Journal de fin de jeunesse

Le cirque

Je viens d’entendre le camion abhorré, accompagnée de sa petite musique dansante et de son annonce meurtrière; le camion du cirque. Lieu de torture, de souffrance et d’esclavage pour des milliers d’animaux, DÉNATURÉS. Lieu de joie factice et de fous-rires trompeurs (et trompés), qui fait briller les yeux de milliers d’enfants, INNOCENTS, les pauvres, comment pourraient-ils avoir idée de la foire aux horreurs qui se trame sous leurs yeux brillants ?.
Le cirque. Quelle honte !

J’aime les acrobates et les paillettes, les trapèzes et les clowns tristes, les balles qui volent et retombent dans des mains entraînées. J’aime la magie et ses trucages....
Mais jamais, jamais, je n’accepterais d’entendre encore une fois le fouet du dompteur de fauves qui claquent dans les airs, menace ignoble et terroriste. Et les nobles félins, de qui on a beaucoup à apprendre, terrorisés devant leur frayeur absolue (et inégalable); le feu. Et n’ayant que d’autres choix que de sauter à travers, les larmes aux yeux, la peur au ventre, tout instinct sauvage et digne effacé, relégué au rang de souvenir lointain; du souvenir de la brousse et de la chasse, de la chaleur terrible et des petits boules de poils à nourrir, agaçantes, mignonnes et promesse de vie, et d’éternité de l’espèce. Tout cette magnifiçance écrasée, explosée dans un coup de fouet qui claque dans les airs.....
Il ne reste que l’oubli, l’oubli de la nature même de ces animaux et des autres, éléphants qu’on force à prendre des postures contre-nature dans un tonnerre d’applaudissement macabre, chevaux qu’on lance au galop dans un minuscule et ridicule cercle sans fin.... Ces animaux, au cirque, on en a fait des bêtes craintives et dénaturés, faciles à dompter, facile à maîtriser. Pour cacher notre peur, notre peur de la nature même. On enferme la nature dans une boîte, aseptisée, sécurisée ("wahooouuu, quel courage ce dompteur, quel homme admirable!! ! il a apprivoisé des lions!!!!" "Mais, imbécile, ce n’est pas lui la cause de ça, c’est le feu, le feu en tout point et la terreur qu’il inspire!"). Et ainsi, la nature devient notre esclave. Et alors, l’Homme est rassuré. Rassuré. Voilà les cirques.
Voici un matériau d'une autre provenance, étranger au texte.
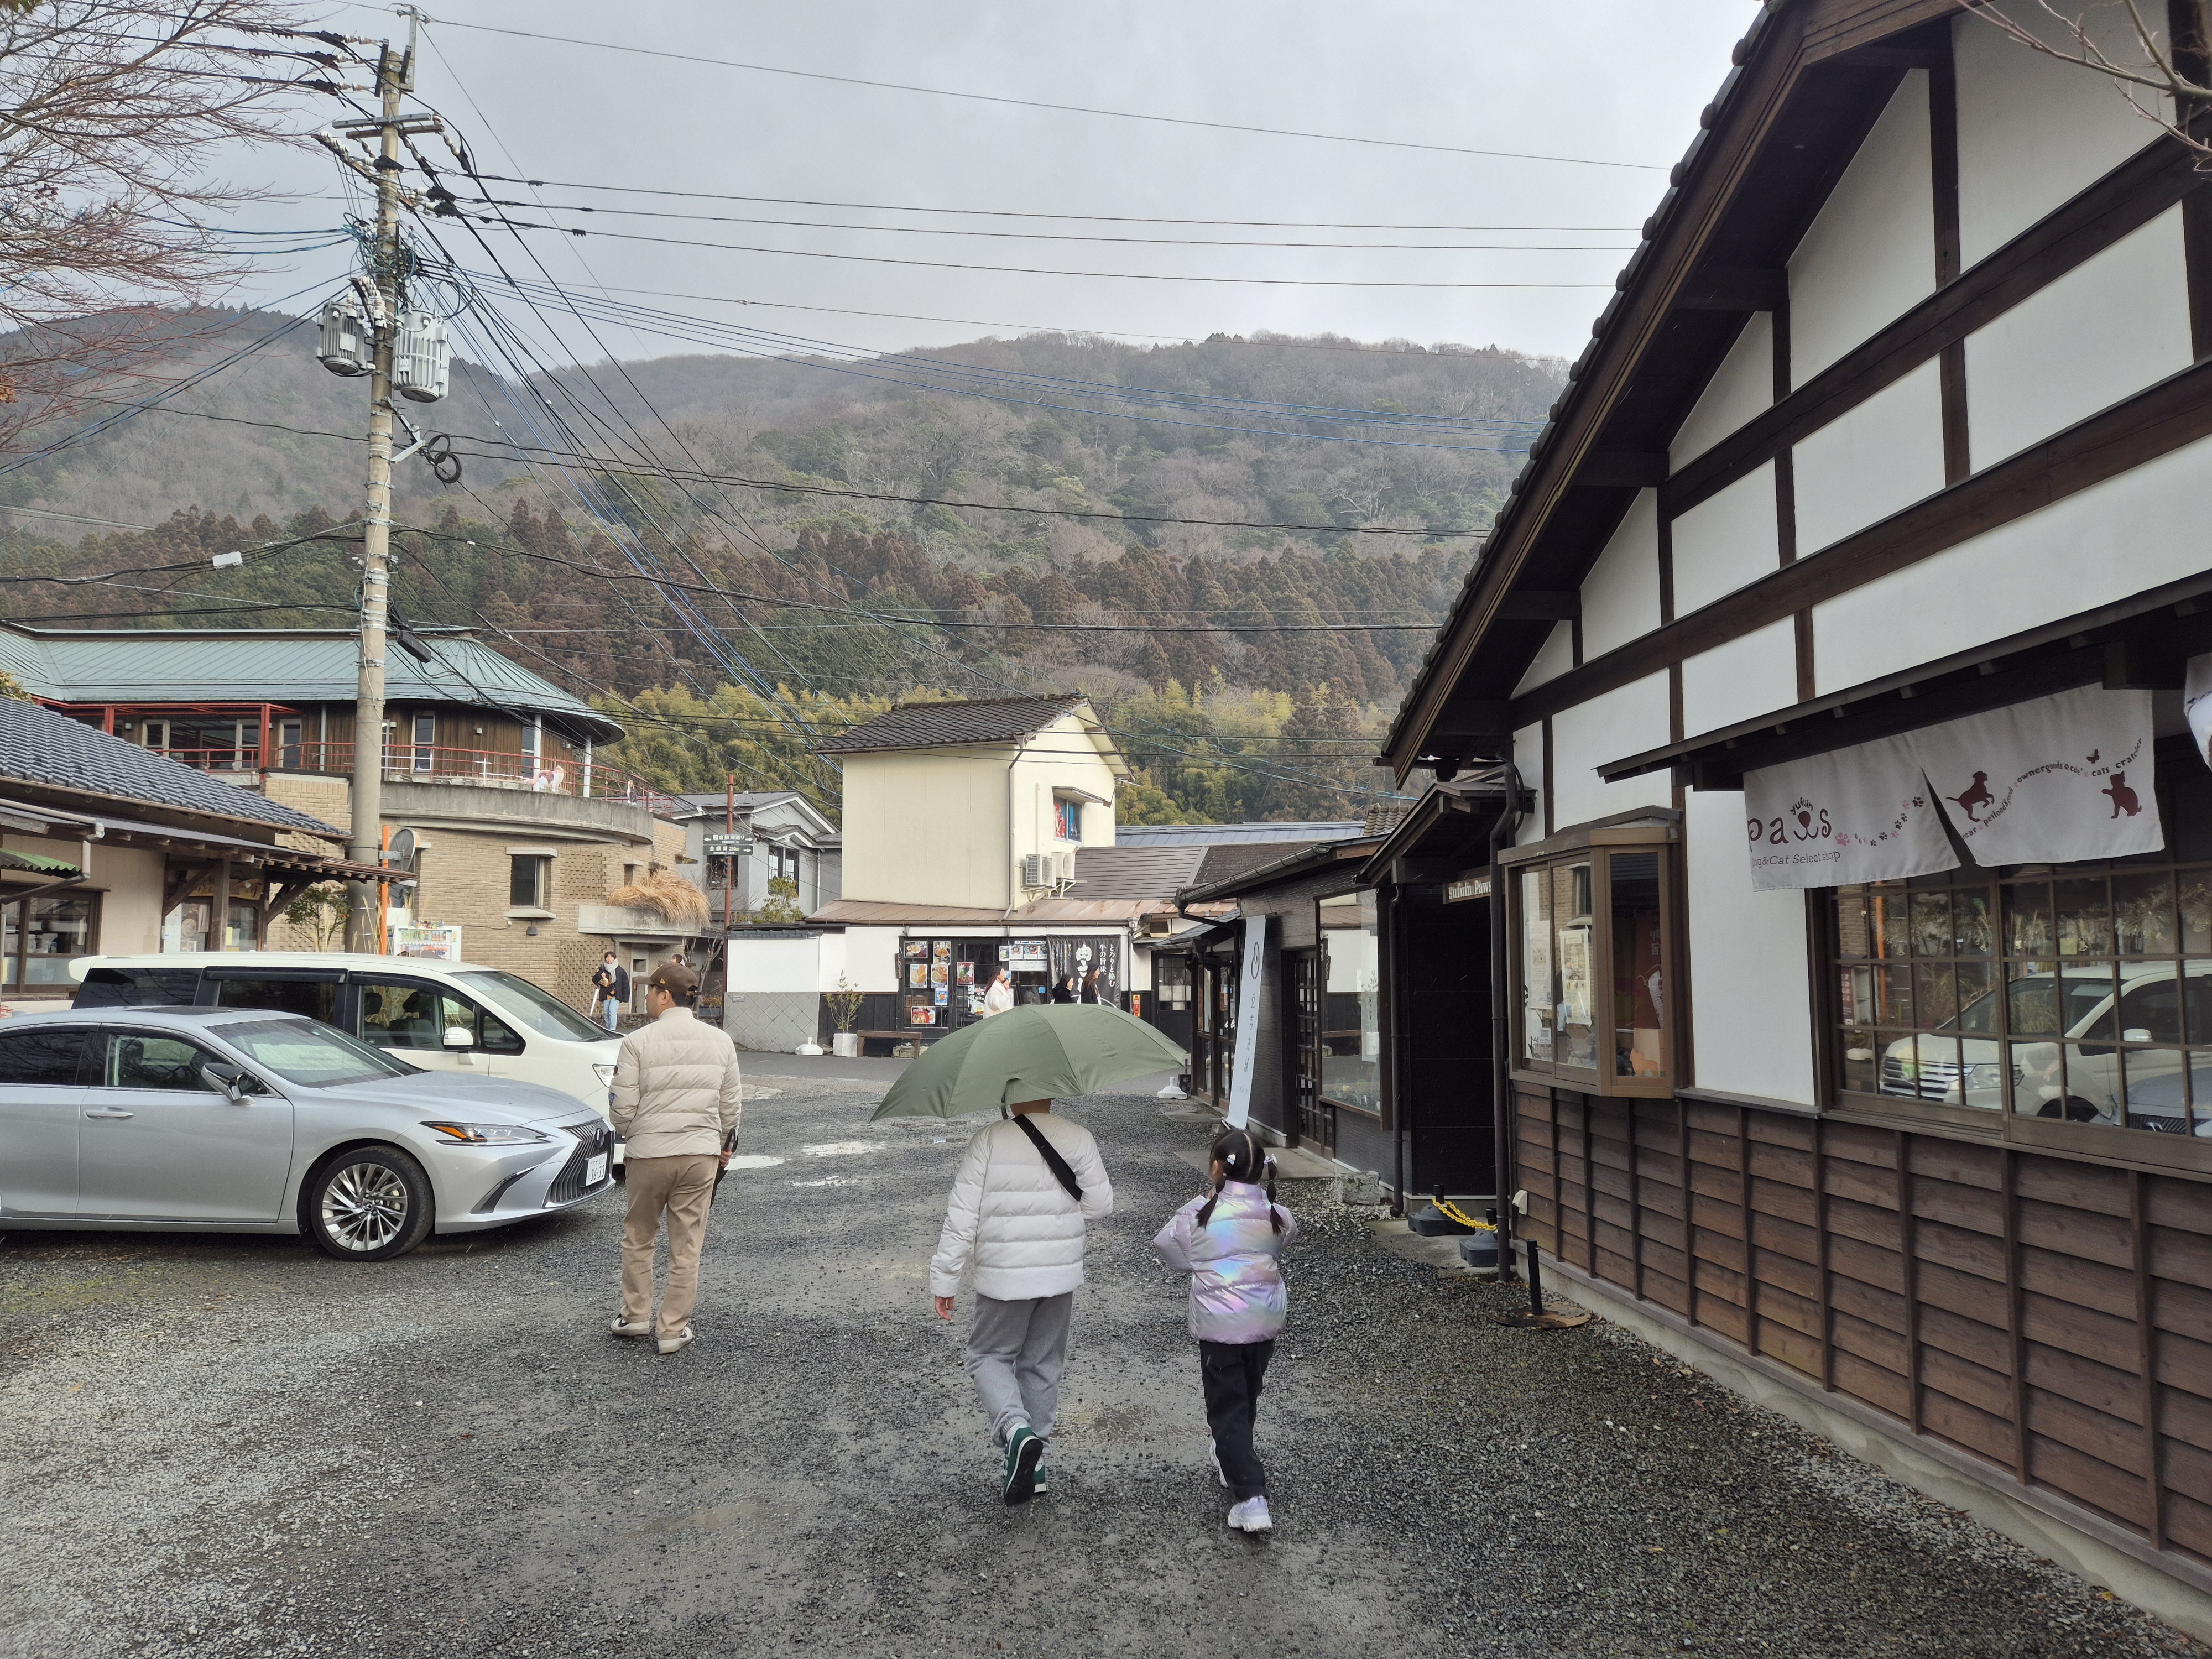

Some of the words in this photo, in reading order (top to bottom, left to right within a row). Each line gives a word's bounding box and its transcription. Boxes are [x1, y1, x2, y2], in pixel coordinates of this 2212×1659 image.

On applaudit bien fort ! Et maintenant sous vos yeux ébahits, l’éléphants va danser une valse!!!!!!

Voilà le cirque, lieu de la souffrance et de la dénaturalisation d’êtres splendides et intemporels. J’ai envie de pleurer.
Putain de monde, putain de monde humain!! !

Il a été prouvé que l’espèce humaine est la seule de toutes les espèces animales qui, rayée de la Terre, ne créerait pas de déséquilibre. Le Loup disparu, un déséquilibre apparaîtrait, le Mouton disparu et il en serait de même. Par contre, enlevons l’Homme, et tout ira bien, aucun déséquilibre. Une parfaite harmonie.
Alors : Nous ne sommes que le cancer de la Terre, arrêtons de nous prendre pour des dieux.

Et par pitié, lâchez vos fouets, éteignez le feu....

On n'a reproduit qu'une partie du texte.